## Required action
Please output the records below word for word and omit the pictures.

## The data
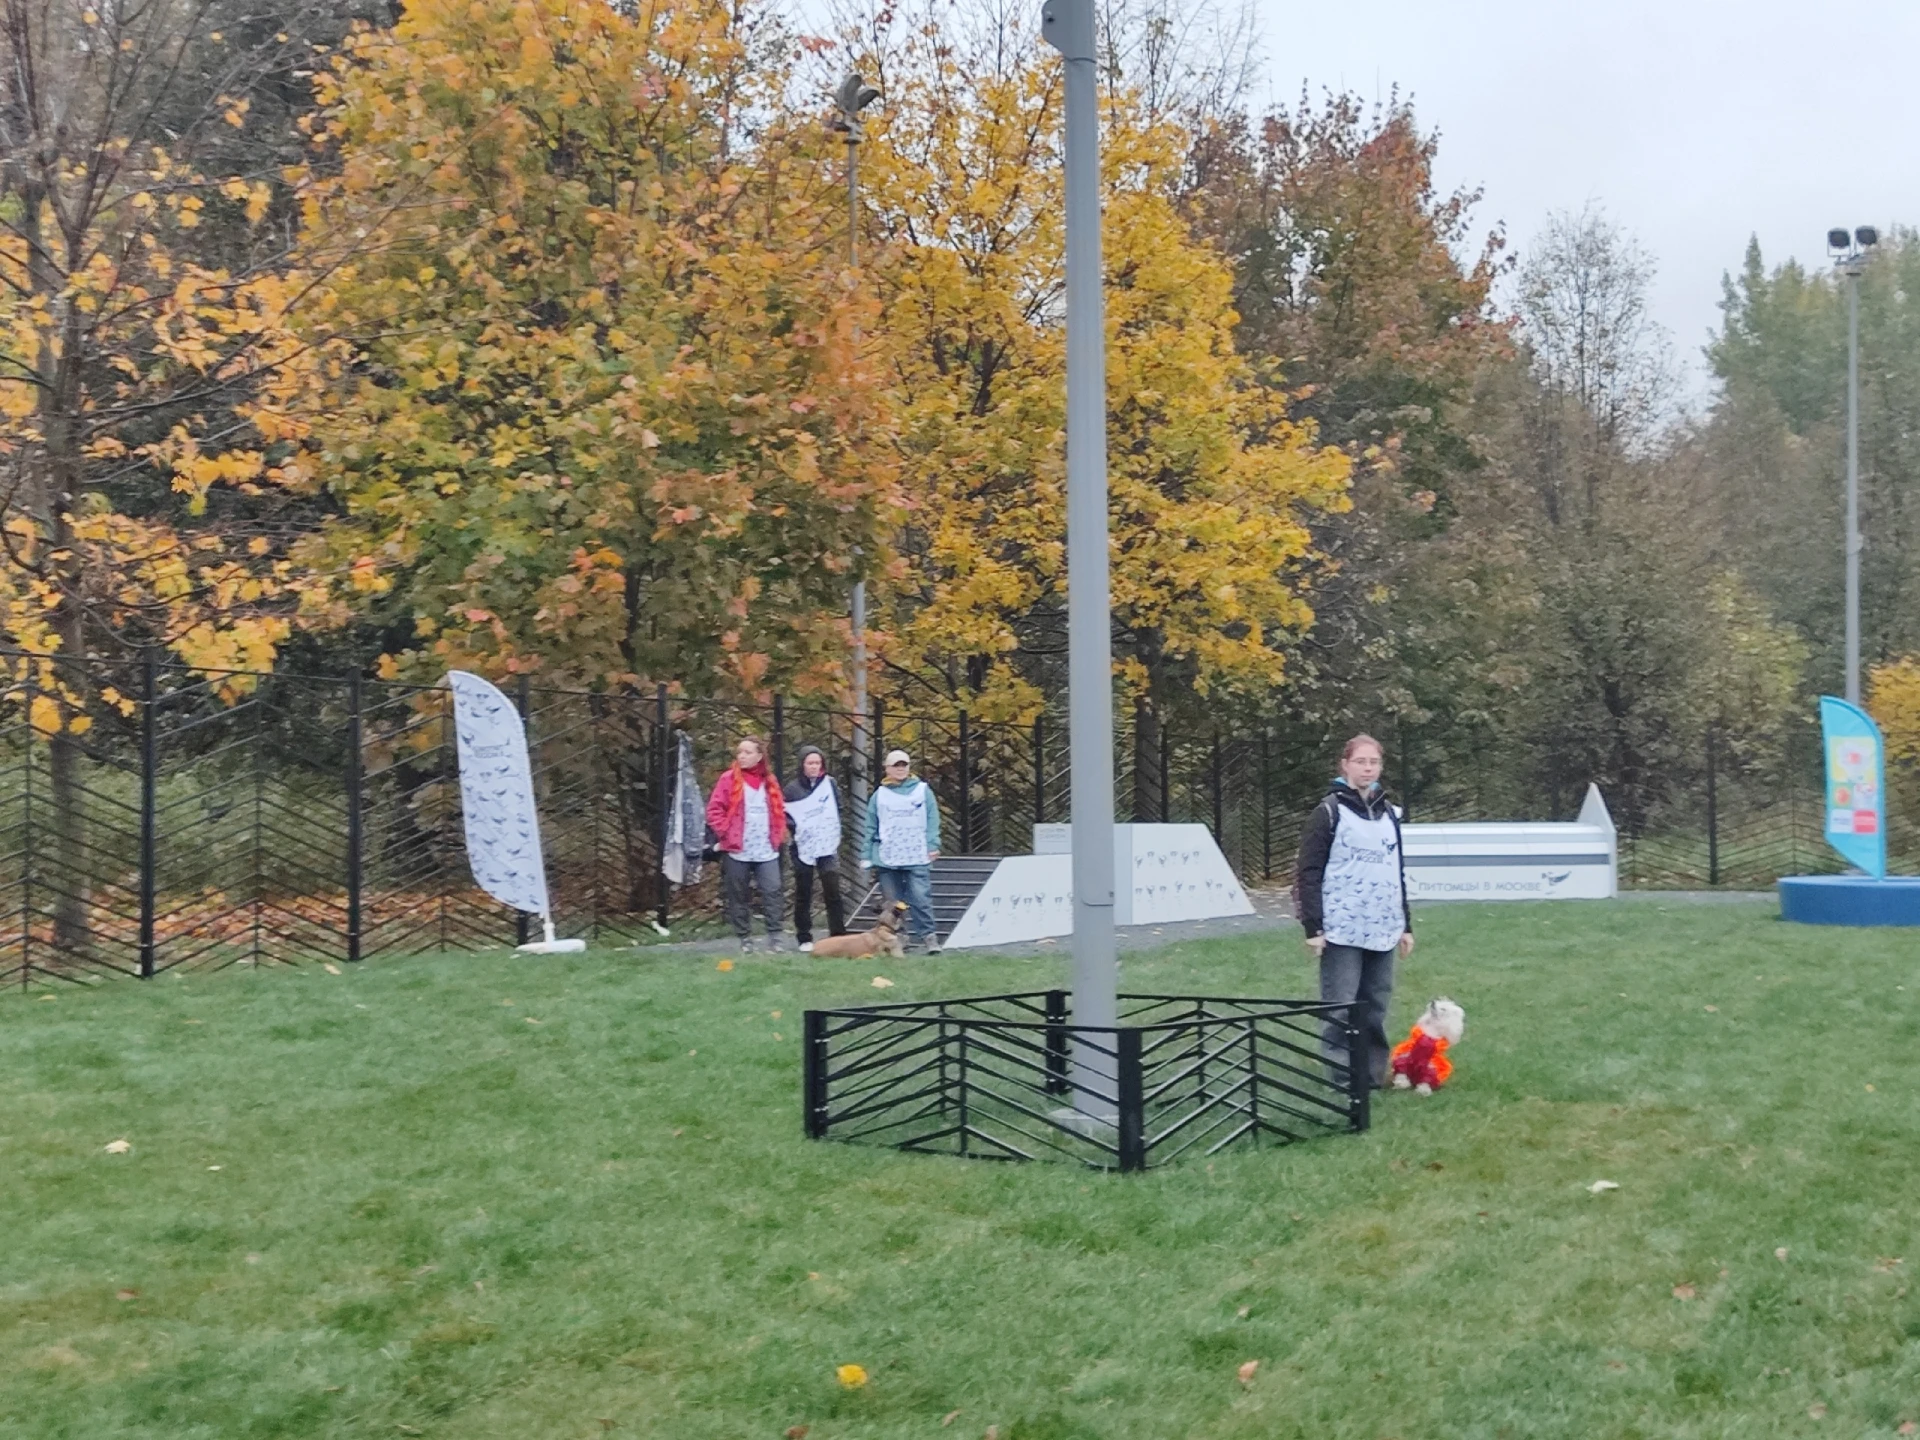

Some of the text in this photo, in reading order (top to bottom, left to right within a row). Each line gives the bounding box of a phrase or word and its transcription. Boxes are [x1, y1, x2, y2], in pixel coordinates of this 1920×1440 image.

[1418, 882, 1542, 892] ПИТОМЦЫ В МОСКВЕ
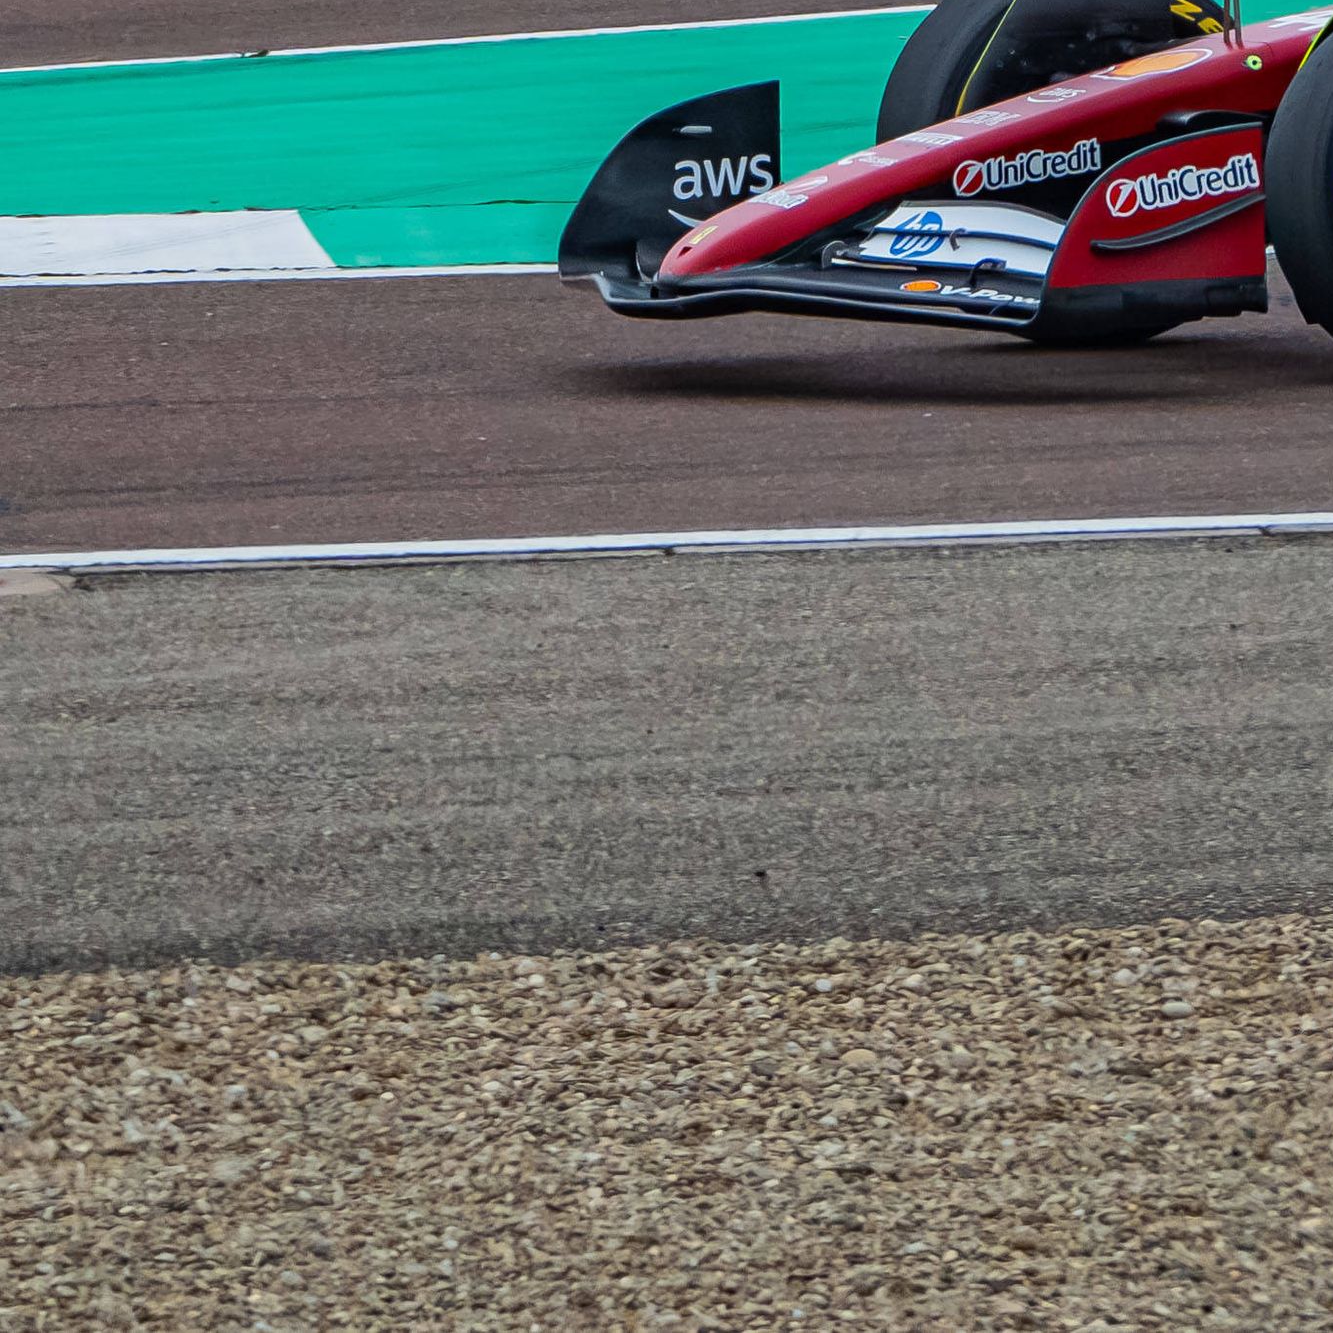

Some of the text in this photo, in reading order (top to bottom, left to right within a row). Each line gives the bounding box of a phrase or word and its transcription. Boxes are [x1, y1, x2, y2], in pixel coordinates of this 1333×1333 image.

[672, 153, 774, 200] aws
[985, 139, 1099, 189] UniCredit
[1137, 155, 1258, 208] UniCredit
[940, 285, 1041, 304] V-Pow

## Solution for this task
Some of the text in this photo, in reading order (top to bottom, left to right within a row). Each line gives the bounding box of a phrase or word and its transcription. Boxes are [x1, y1, x2, y2], in pixel coordinates of this 1920×1440 image.

[1418, 882, 1542, 892] ПИТОМЦЫ В МОСКВЕ

Some of the text in this photo, in reading order (top to bottom, left to right within a row). Each line gives the bounding box of a phrase or word and its transcription. Boxes are [x1, y1, x2, y2], in pixel coordinates of this 1333×1333 image.

[672, 153, 774, 200] aws
[985, 139, 1099, 189] UniCredit
[1137, 155, 1258, 208] UniCredit
[940, 285, 1041, 304] V-Pow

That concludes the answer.